- [Record extracts]:

__________________________________________________

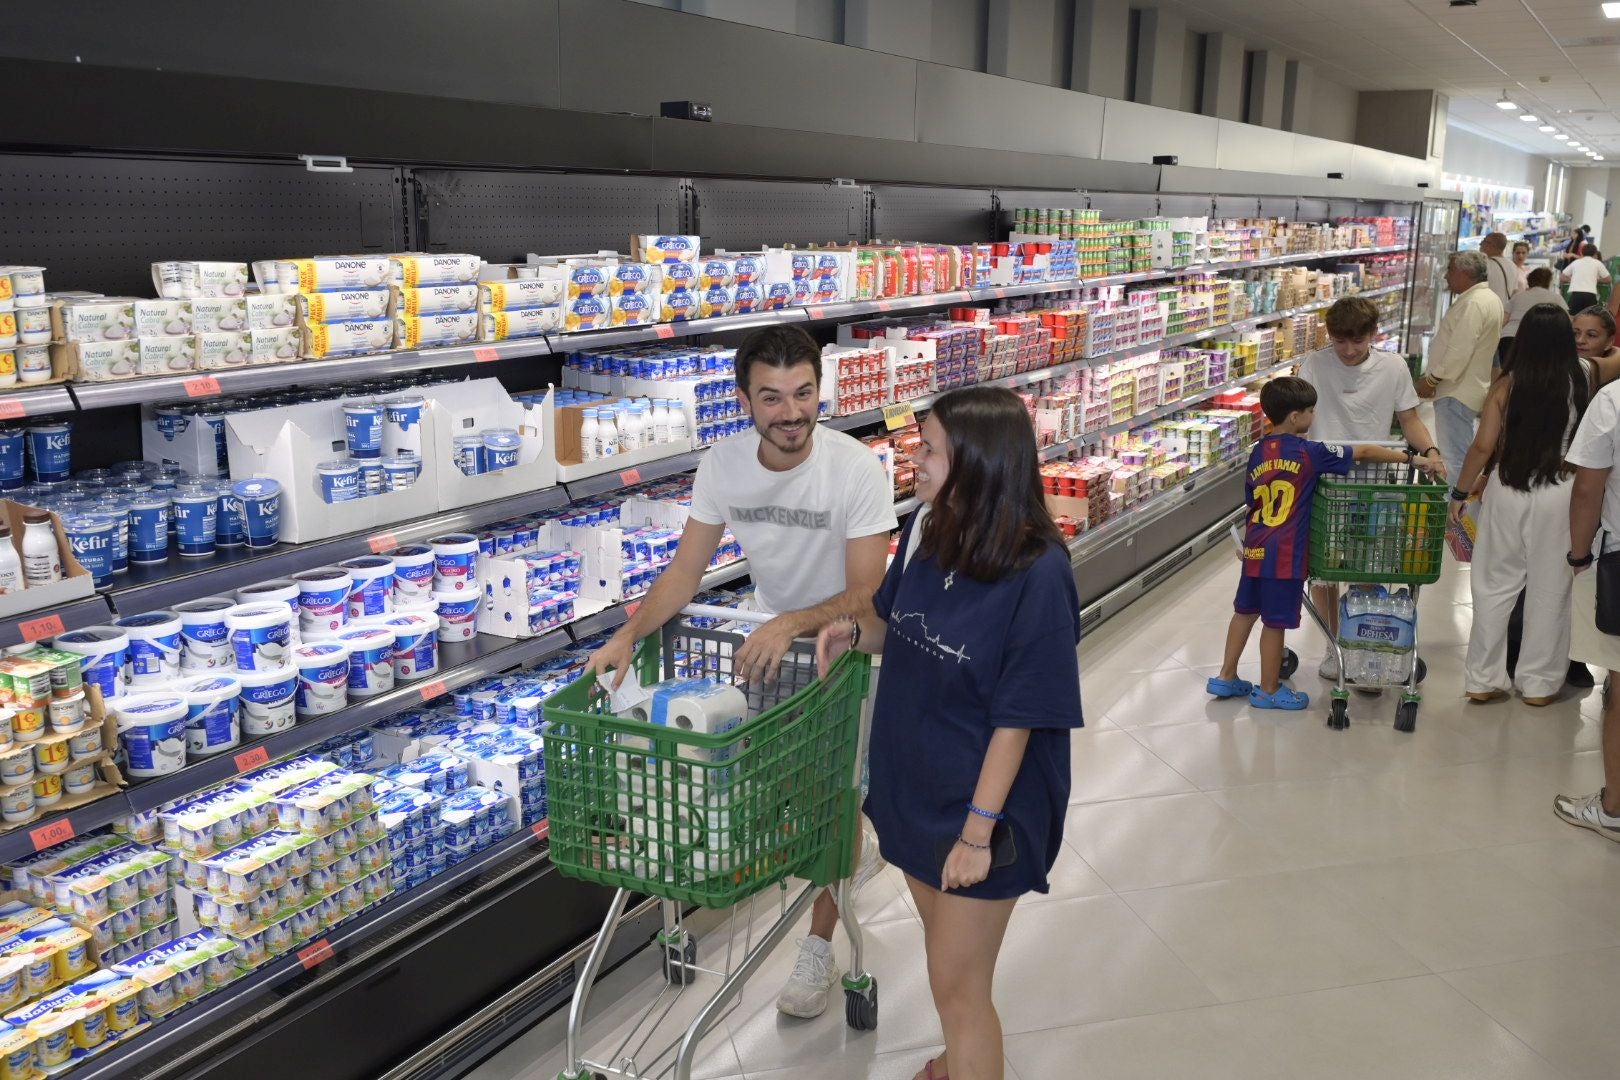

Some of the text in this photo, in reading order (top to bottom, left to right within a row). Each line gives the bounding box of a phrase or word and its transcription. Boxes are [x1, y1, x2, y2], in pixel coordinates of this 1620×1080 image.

[335, 260, 366, 270] DANONE
[434, 258, 460, 266] DANONE
[204, 270, 226, 278] Natural
[578, 275, 599, 283] GRIEGO
[341, 292, 370, 301] DANONE
[434, 287, 460, 296] DANONE
[196, 303, 222, 312] Natural
[252, 302, 275, 310] Natural
[78, 313, 107, 322] Natural
[140, 309, 167, 317] Natural
[435, 315, 460, 324] DANONE
[345, 323, 373, 332] DANONE
[256, 336, 279, 344] Natural
[85, 349, 113, 358] Natural
[145, 345, 171, 353] Natural
[346, 416, 359, 427] fir
[392, 411, 408, 422] fir
[1274, 459, 1301, 474] YAMAL
[1252, 480, 1295, 527] 10
[174, 506, 190, 518] fir
[736, 507, 826, 528] MCKENZIE
[1361, 629, 1394, 640] DEHESA
[318, 667, 344, 680] GRIEGO
[253, 688, 286, 700] GRIEGO
[252, 756, 314, 782] natural
[289, 770, 345, 800] natural
[174, 788, 240, 816] natural
[221, 832, 286, 864] natural
[69, 847, 140, 880] natural
[134, 932, 208, 968] natural
[20, 992, 78, 1022] Natural
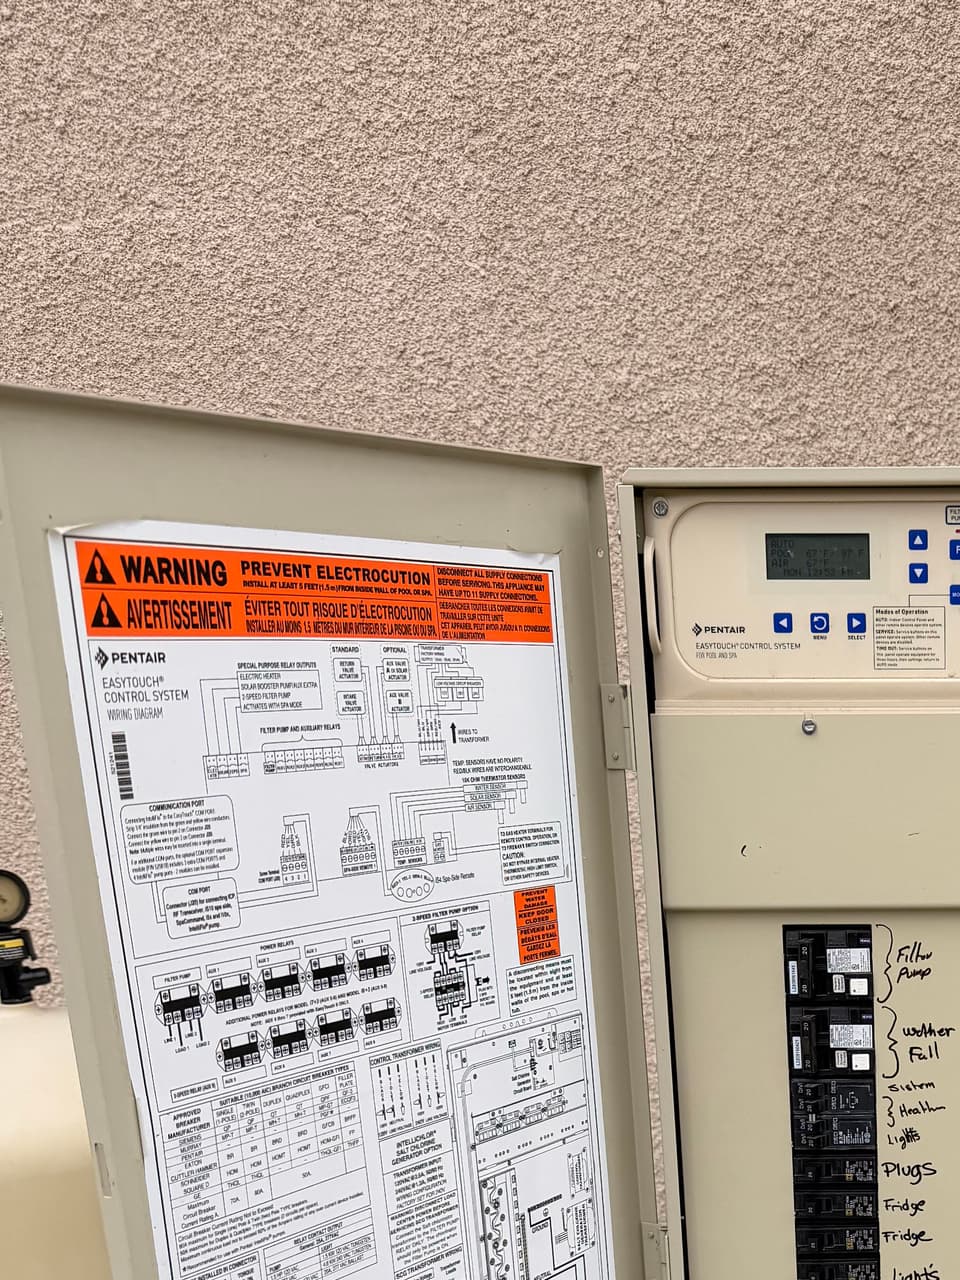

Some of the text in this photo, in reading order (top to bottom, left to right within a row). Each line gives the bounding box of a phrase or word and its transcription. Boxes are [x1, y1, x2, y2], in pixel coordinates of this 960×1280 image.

[120, 555, 228, 587] WARNING
[241, 560, 431, 585] PREVENT ELECTROCUTION
[437, 568, 473, 576] DISCONNECT
[486, 571, 505, 579] SUPPLY
[507, 572, 543, 581] CONNECTIONS
[243, 580, 268, 588] INSTALL
[438, 578, 461, 586] BEFORE
[493, 581, 505, 589] THIS
[506, 582, 534, 590] APPLIANCE
[128, 598, 232, 630] AVERTISSEMENT
[244, 595, 281, 616] ÉVITER
[283, 601, 310, 616] TOUT
[313, 602, 348, 618] RISQUE
[351, 600, 432, 621] D'ÉLECTROCUTION
[705, 626, 745, 634] PENTAIR
[112, 652, 166, 665] PENTAIR
[102, 676, 165, 689] EASYTOUCH®
[104, 690, 189, 703] CONTROL SYSTEM
[107, 707, 164, 721] WIRING DIAGRAM
[149, 800, 205, 812] COMMUNICATION PORT
[521, 889, 548, 897] PREVENT
[524, 900, 548, 909] DAMAGE
[537, 908, 554, 917] DOOR
[525, 916, 549, 925] CLOSED
[260, 940, 294, 951] POWER RELAYS
[802, 947, 808, 955] 20
[164, 975, 178, 983] FILTER
[802, 985, 808, 993] 20
[803, 1022, 809, 1031] 20
[805, 1060, 811, 1068] 20
[173, 1108, 202, 1121] APPROVED
[176, 1117, 201, 1129] BREAKER
[168, 1123, 211, 1140] MANUFACTURER
[392, 1144, 442, 1166] GENERATOR OPTION
[396, 1146, 410, 1157] SALT
[882, 1162, 937, 1185] Plugs
[883, 1199, 926, 1217] Fridge
[882, 1229, 933, 1247] Fridge
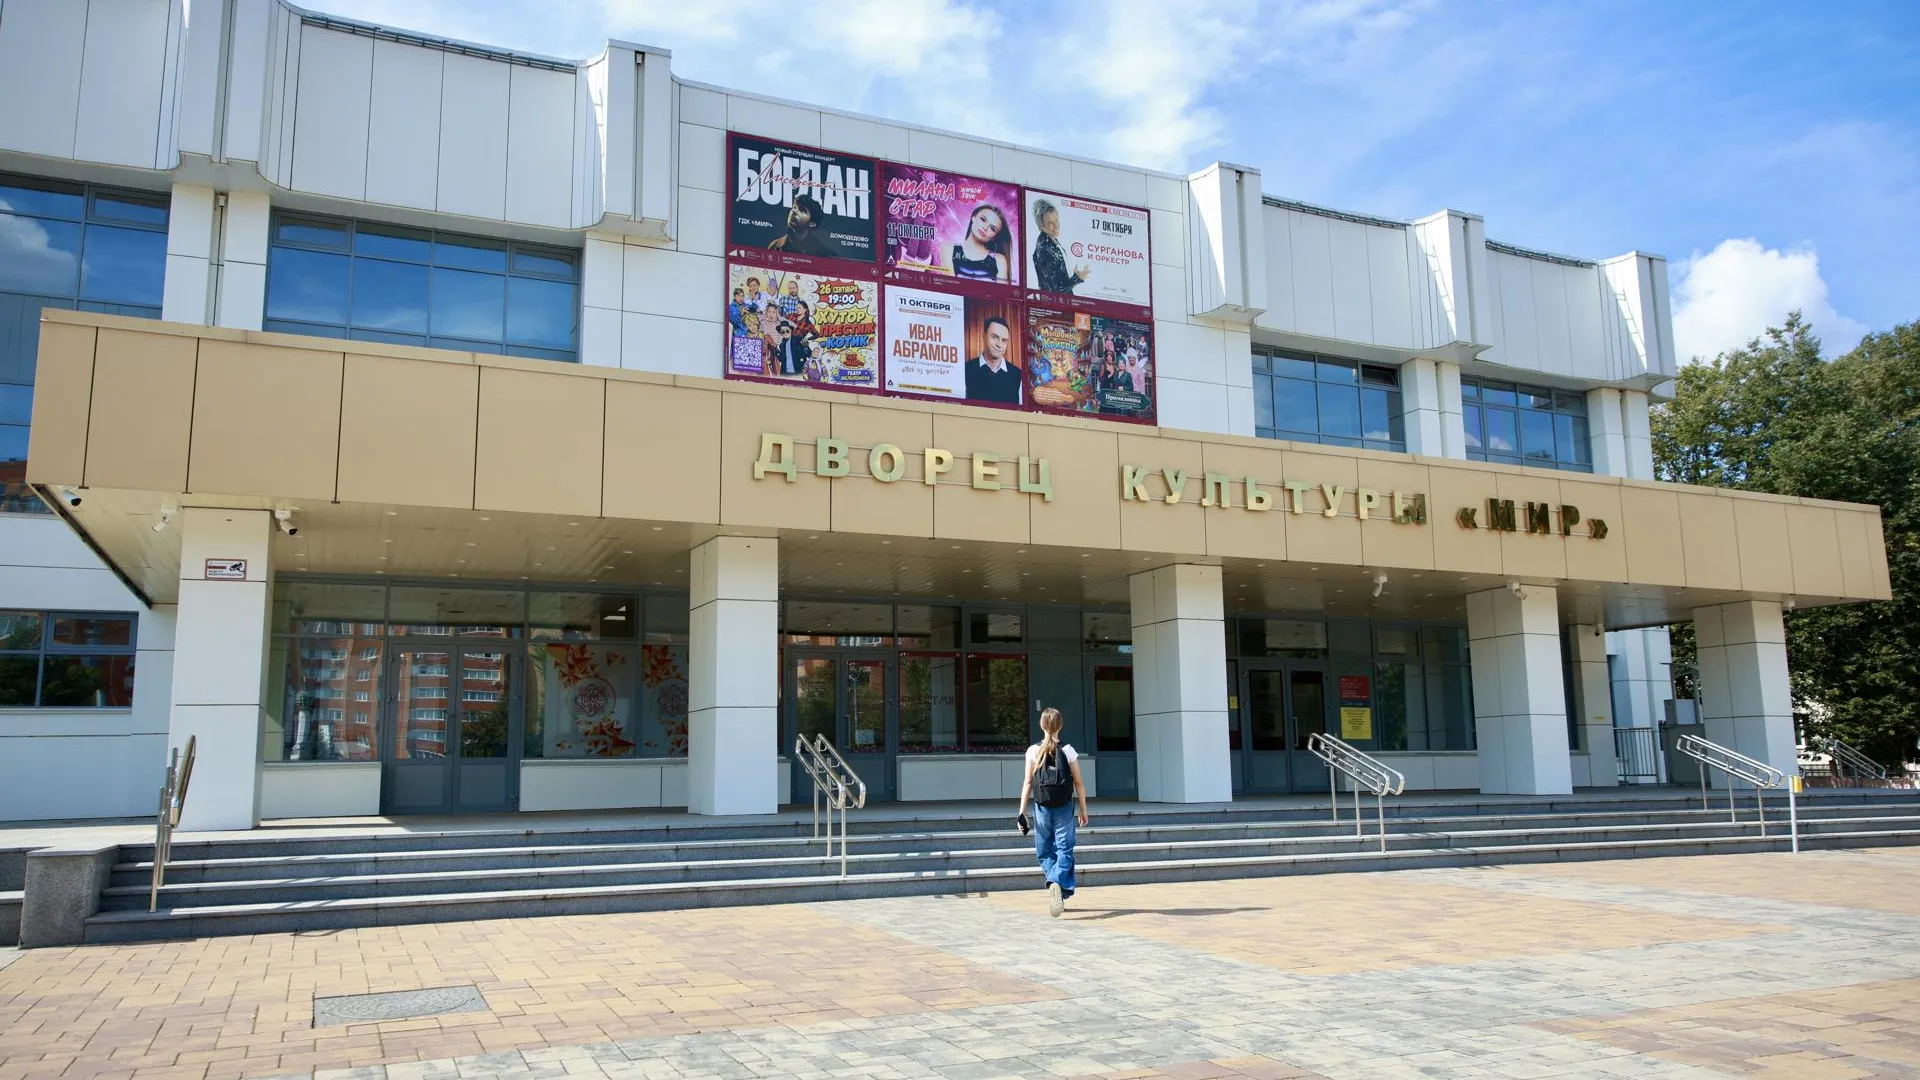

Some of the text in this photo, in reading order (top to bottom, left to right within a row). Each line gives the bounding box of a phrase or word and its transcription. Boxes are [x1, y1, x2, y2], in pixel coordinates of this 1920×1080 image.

__________________________________________________

- [What you will do]:
Copy every record exactly, leaving the pictures out.

- [Solution for this problem]:
Some of the text in this photo, in reading order (top to bottom, left to right within a row). Each line gives the bounding box of a phrase or word and its transcription. Boxes are [x1, y1, x2, y2], in pixel coordinates of this 1620×1080 image.

[335, 260, 366, 270] DANONE
[434, 258, 460, 266] DANONE
[204, 270, 226, 278] Natural
[578, 275, 599, 283] GRIEGO
[341, 292, 370, 301] DANONE
[434, 287, 460, 296] DANONE
[196, 303, 222, 312] Natural
[252, 302, 275, 310] Natural
[78, 313, 107, 322] Natural
[140, 309, 167, 317] Natural
[435, 315, 460, 324] DANONE
[345, 323, 373, 332] DANONE
[256, 336, 279, 344] Natural
[85, 349, 113, 358] Natural
[145, 345, 171, 353] Natural
[346, 416, 359, 427] fir
[392, 411, 408, 422] fir
[1274, 459, 1301, 474] YAMAL
[1252, 480, 1295, 527] 10
[174, 506, 190, 518] fir
[736, 507, 826, 528] MCKENZIE
[1361, 629, 1394, 640] DEHESA
[318, 667, 344, 680] GRIEGO
[253, 688, 286, 700] GRIEGO
[252, 756, 314, 782] natural
[289, 770, 345, 800] natural
[174, 788, 240, 816] natural
[221, 832, 286, 864] natural
[69, 847, 140, 880] natural
[134, 932, 208, 968] natural
[20, 992, 78, 1022] Natural

Some of the text in this photo, in reading order (top to bottom, left to right within a row). Each line gives the bounding box of a phrase or word and its transcription. Boxes are [x1, y1, x2, y2], in pixel coordinates of this 960×1280 image.

[120, 555, 228, 587] WARNING
[241, 560, 431, 585] PREVENT ELECTROCUTION
[437, 568, 473, 576] DISCONNECT
[486, 571, 505, 579] SUPPLY
[507, 572, 543, 581] CONNECTIONS
[243, 580, 268, 588] INSTALL
[438, 578, 461, 586] BEFORE
[493, 581, 505, 589] THIS
[506, 582, 534, 590] APPLIANCE
[128, 598, 232, 630] AVERTISSEMENT
[244, 595, 281, 616] ÉVITER
[283, 601, 310, 616] TOUT
[313, 602, 348, 618] RISQUE
[351, 600, 432, 621] D'ÉLECTROCUTION
[705, 626, 745, 634] PENTAIR
[112, 652, 166, 665] PENTAIR
[102, 676, 165, 689] EASYTOUCH®
[104, 690, 189, 703] CONTROL SYSTEM
[107, 707, 164, 721] WIRING DIAGRAM
[149, 800, 205, 812] COMMUNICATION PORT
[521, 889, 548, 897] PREVENT
[524, 900, 548, 909] DAMAGE
[537, 908, 554, 917] DOOR
[525, 916, 549, 925] CLOSED
[260, 940, 294, 951] POWER RELAYS
[802, 947, 808, 955] 20
[164, 975, 178, 983] FILTER
[802, 985, 808, 993] 20
[803, 1022, 809, 1031] 20
[805, 1060, 811, 1068] 20
[173, 1108, 202, 1121] APPROVED
[176, 1117, 201, 1129] BREAKER
[168, 1123, 211, 1140] MANUFACTURER
[392, 1144, 442, 1166] GENERATOR OPTION
[396, 1146, 410, 1157] SALT
[882, 1162, 937, 1185] Plugs
[883, 1199, 926, 1217] Fridge
[882, 1229, 933, 1247] Fridge

Some of the text in this photo, in reading order (top to bottom, left to right within a row). Each line gives the bounding box of a phrase or word and its transcription. Boxes are [x1, y1, x2, y2], in pixel coordinates of this 1920×1080 image.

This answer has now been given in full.